I'm woken a few hours later by a soft voice.
"Come on sleepyhead, get up. Our escort's about to lose it." Cato's shaking my shoulder gently and I blink in the sunlight now pushing its way rudely through the window.
"Come on. They're freaking out. We gotta get breakfast and tell them we're still here."
"I'd rather listen to them freak out." I pull my blanket up over my head.
"Only because you'll tune them out. I on the other hand will have to listen to them, which I don't want, so get up or I'll...I'll-"
"Good," I say dismissively, "Keep doing that."
"I'll touch your foot."
That gets me up in a big hurry. I hate that! I don't know why. "Do that and you die!" I remind myself of the thoughts I had yesterday, about how Cato and I know everything about each others' strengths and weaknesses. He knows exactly what to say to get me up.
"Good. You're up."
"And you're smug."
"And also..." He acts as if I haven't spoken (the audacity!) "Engaging in combat is totally illegal at this point."
I mutter something obscene as I throw a pillow at him. He laughs as it hits him and even smiles as I straighten up and push my hair away from my face. "We're in here, guys," Cato says to our escort and mentors in the hall.
The escort buzzes around, raving about how we nearly gave her a heart attack before I remind her that the train is surrounded by an electrical force-field that will prevent us from jumping from it. Cato looks at me, but I ignore him, knowing why I'm getting that look, and sit down for breakfast.
They don't have to explain actual technique to us anymore. Cato's and my jobs are to go in, find useful allies, maybe make a few fake allies, allies we can align ourselves with and kill off quickly so we don't have to track them down, and scare the ones we know won't ally themselves with us. As for tonight at the opening ceremony, my mentor tells me to leave my attitude on the train.
"You'll be on camera from here until they bring you home." The words 'alive or in a box' seem to hang in the air, though maybe only I feel their presence. "It'll help if the audience likes you. You'll get sponsors that way."
"Why kill people in their sleep in the arena? People don't like that." They would rather see a fight.
"That's for show. Little bit of blood now and then and little bit of ruthlessness to show you mean business." Excellent.

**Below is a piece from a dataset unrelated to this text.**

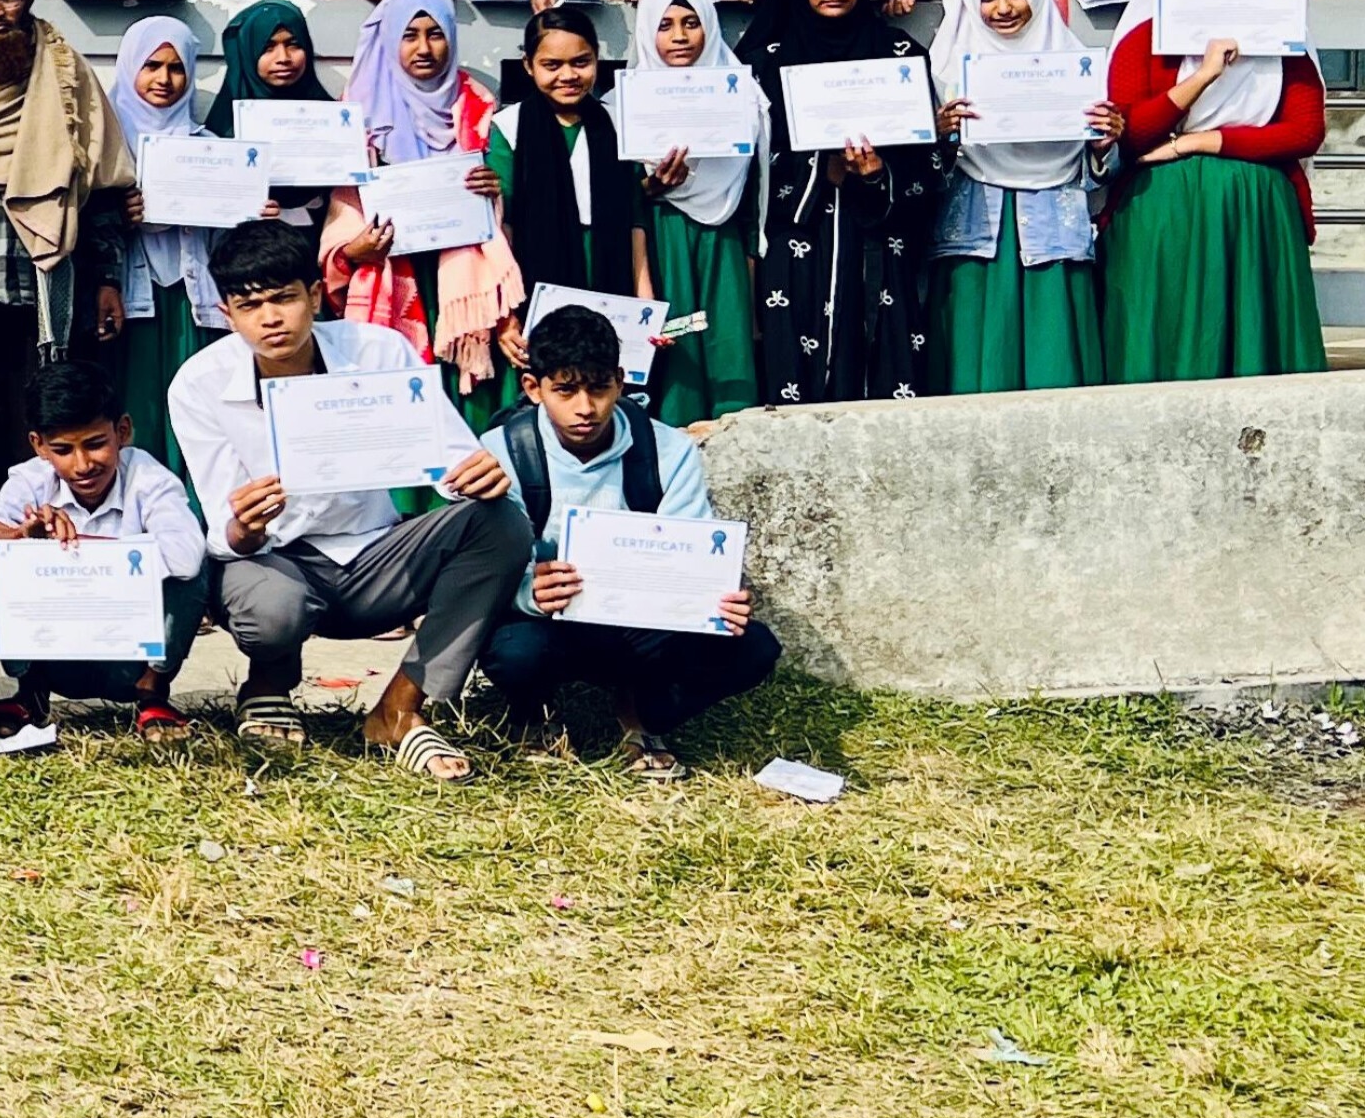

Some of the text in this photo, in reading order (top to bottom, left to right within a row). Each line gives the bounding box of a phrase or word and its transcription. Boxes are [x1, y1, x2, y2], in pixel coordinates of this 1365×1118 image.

Fits right in with my moral code. You'd better ditch that in the arena. Oh wait that's- is she still talking? "...leave it to Cato. Just tell him to do it."
"I'm the boss," I joke.
"Your sponsors are your bosses, so make them like you. You'll have to be sweet in Capitol, but let them see that you mean to win this thing." I nod. So, none of my sarcasm, all of my sweet (right) and a sprinkling of brutal District 2. Got it. "And don't take off with Cato until you're in the arena. I don't care what you two do privately but I don't want to deal with Tuuli."
"We don't do anything privately," I say, maybe a little too defensively, though it's perfectly true. I don't even want to consider that.
She laughs at me, claps me on the shoulder and walks away. "Make sure you're ready to go. We'll be getting off soon." Fine. I'll play along with her next time.
We pass under the tunnels that tell us we're approaching the Capitol. "Nervous?" Cato asks as we stand shoulder to shoulder facing the window.
"We live for this, remember?"
"Ironic, isn't it?"
That we've waited our whole lives for a 1 in 24 chance to return home?